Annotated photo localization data
****************
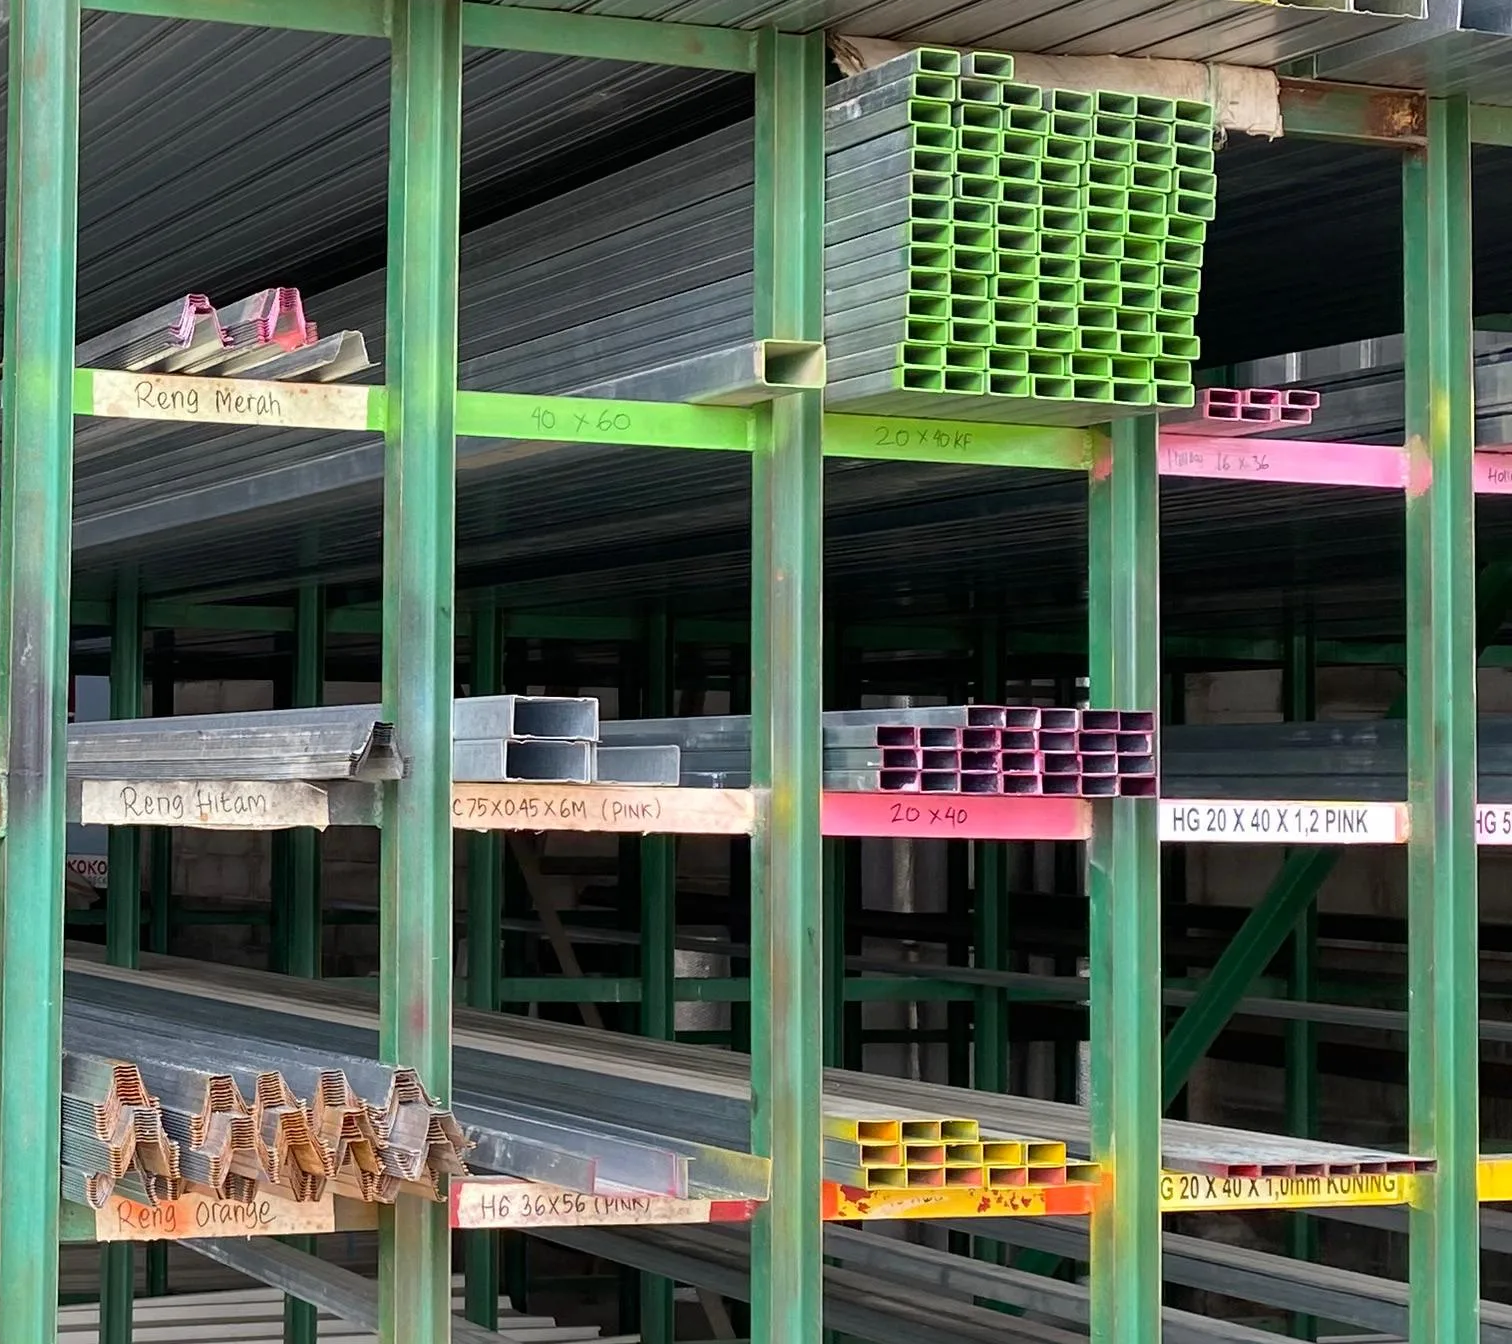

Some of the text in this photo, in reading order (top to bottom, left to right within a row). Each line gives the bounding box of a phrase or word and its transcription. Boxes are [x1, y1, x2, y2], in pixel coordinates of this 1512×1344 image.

[134, 380, 281, 416] Reng Merah
[531, 406, 555, 432] 40
[596, 409, 631, 431] 60
[875, 426, 909, 447] 20
[1253, 455, 1270, 471] 36
[120, 780, 267, 819] Reng Hitam
[601, 797, 662, 823] (PINK)
[890, 803, 920, 824] 20
[1173, 807, 1369, 836] HG 20 X 40 X 1,2 PINK
[1180, 1175, 1198, 1199] 20
[1205, 1176, 1217, 1199] X
[1223, 1176, 1242, 1198] 40
[1248, 1176, 1260, 1197] X
[117, 1199, 176, 1232] Reng
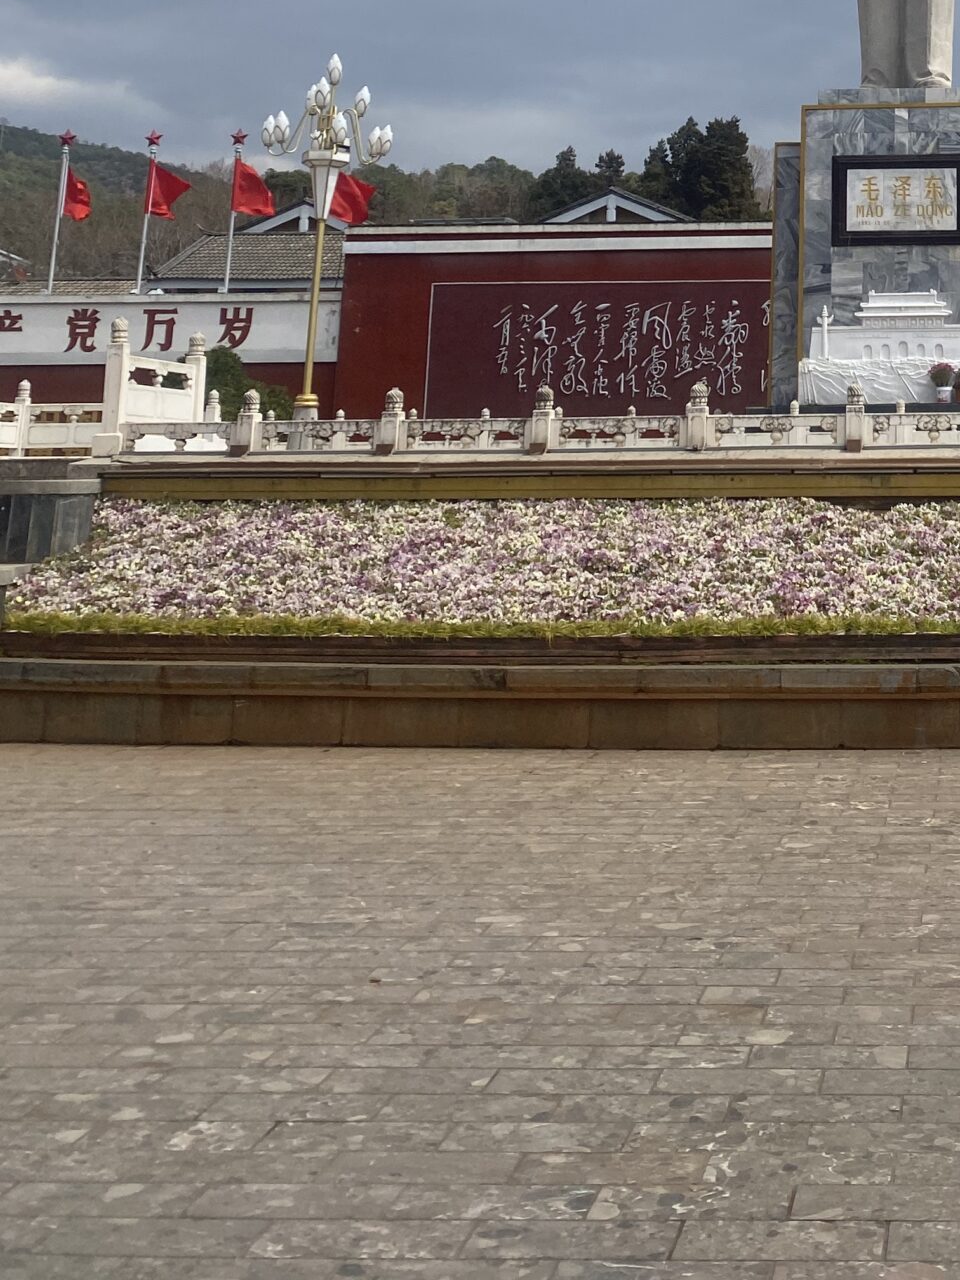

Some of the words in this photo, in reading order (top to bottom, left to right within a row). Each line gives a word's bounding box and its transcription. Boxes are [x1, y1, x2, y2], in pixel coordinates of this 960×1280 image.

[861, 176, 943, 201] 毛泽东
[856, 205, 884, 218] MAO
[893, 205, 911, 217] ZE
[916, 205, 953, 217] DONG
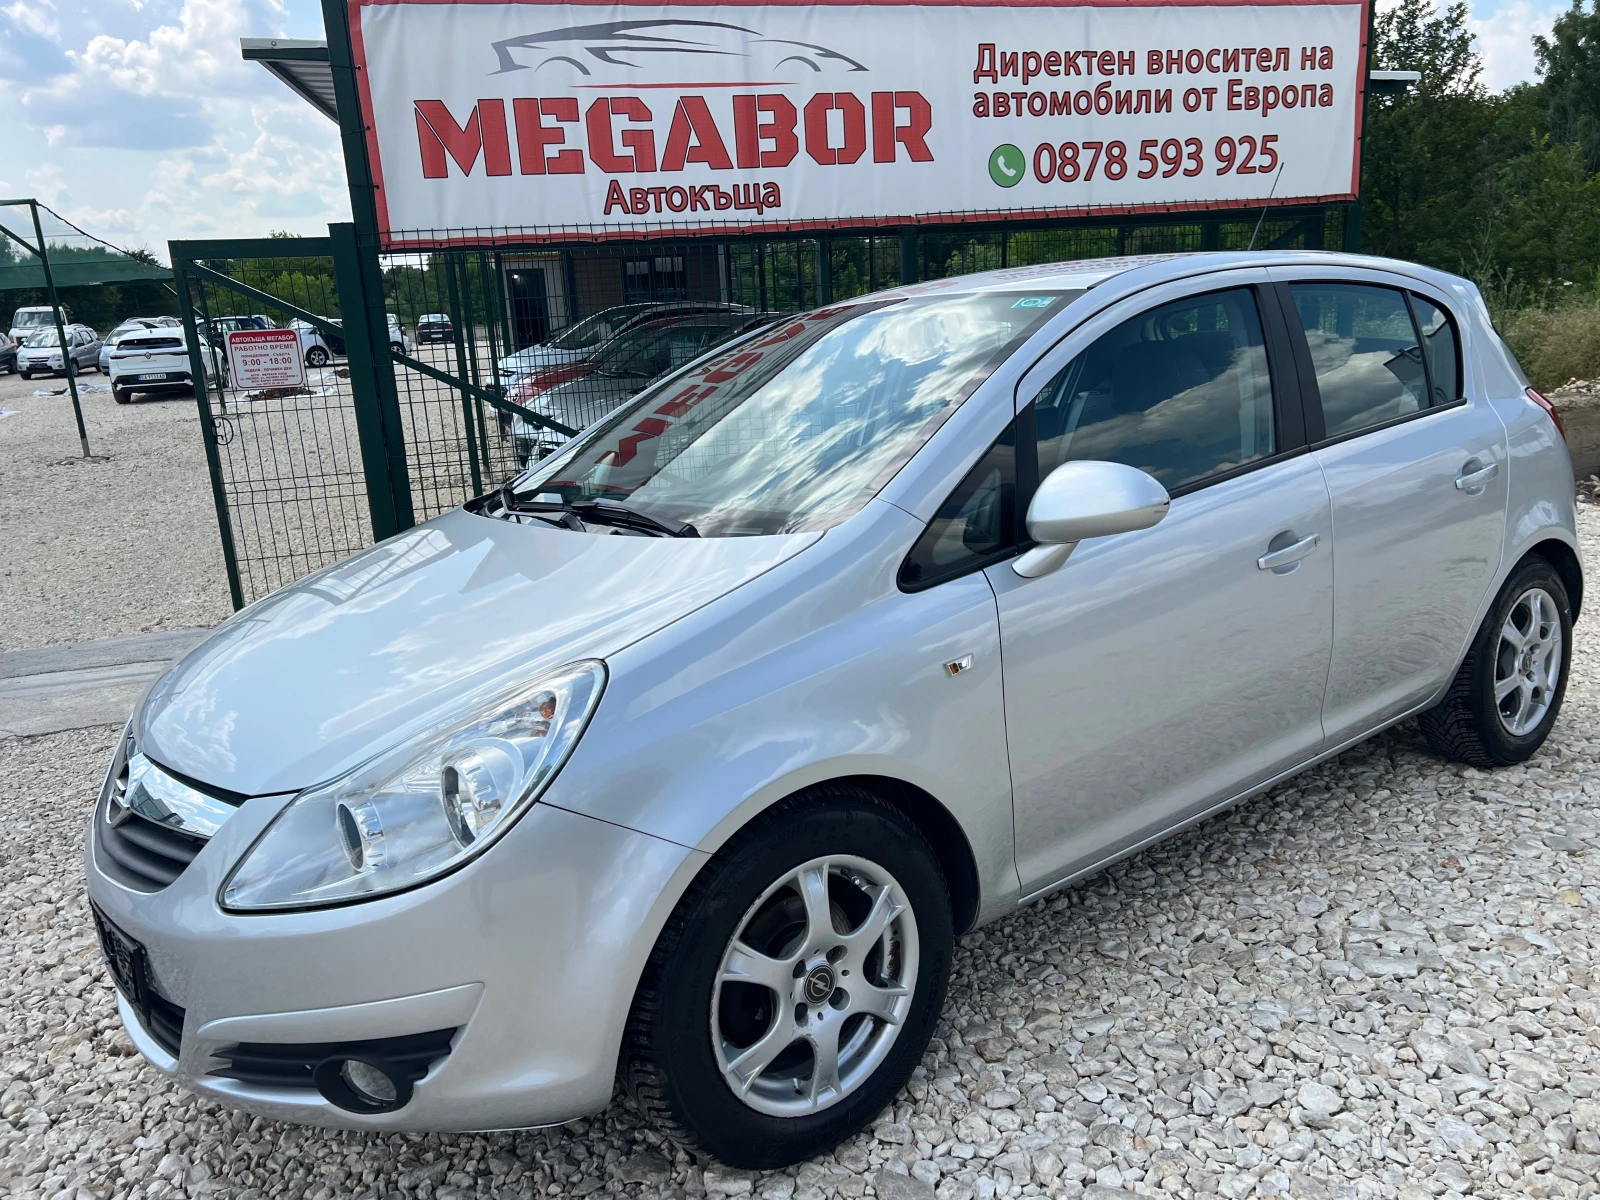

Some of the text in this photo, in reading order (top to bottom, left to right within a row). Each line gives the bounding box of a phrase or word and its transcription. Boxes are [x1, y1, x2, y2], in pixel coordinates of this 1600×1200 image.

[974, 43, 1333, 86] Директен вносител на
[973, 79, 1333, 118] автомобили от Европа
[413, 91, 934, 179] MEGABOR
[1033, 135, 1279, 184] 0878 593 925
[604, 180, 781, 215] Автокъща
[242, 358, 261, 367] 9:00
[268, 357, 292, 365] 18:00
****************
=== Task requirements ===
Pictures excluded, output exactly the line that contains "Some of the words" and every line after it to the end of the data above.

=== Result of the task ===
Some of the words in this photo, in reading order (top to bottom, left to right within a row). Each line gives a word's bounding box and its transcription. Boxes are [x1, y1, x2, y2], in pixel coordinates of this 960×1280 image.

[861, 176, 943, 201] 毛泽东
[856, 205, 884, 218] MAO
[893, 205, 911, 217] ZE
[916, 205, 953, 217] DONG

Some of the text in this photo, in reading order (top to bottom, left to right within a row). Each line gives the bounding box of a phrase or word and its transcription. Boxes are [x1, y1, x2, y2], in pixel coordinates of this 1600×1200 image.

[974, 43, 1333, 86] Директен вносител на
[973, 79, 1333, 118] автомобили от Европа
[413, 91, 934, 179] MEGABOR
[1033, 135, 1279, 184] 0878 593 925
[604, 180, 781, 215] Автокъща
[242, 358, 261, 367] 9:00
[268, 357, 292, 365] 18:00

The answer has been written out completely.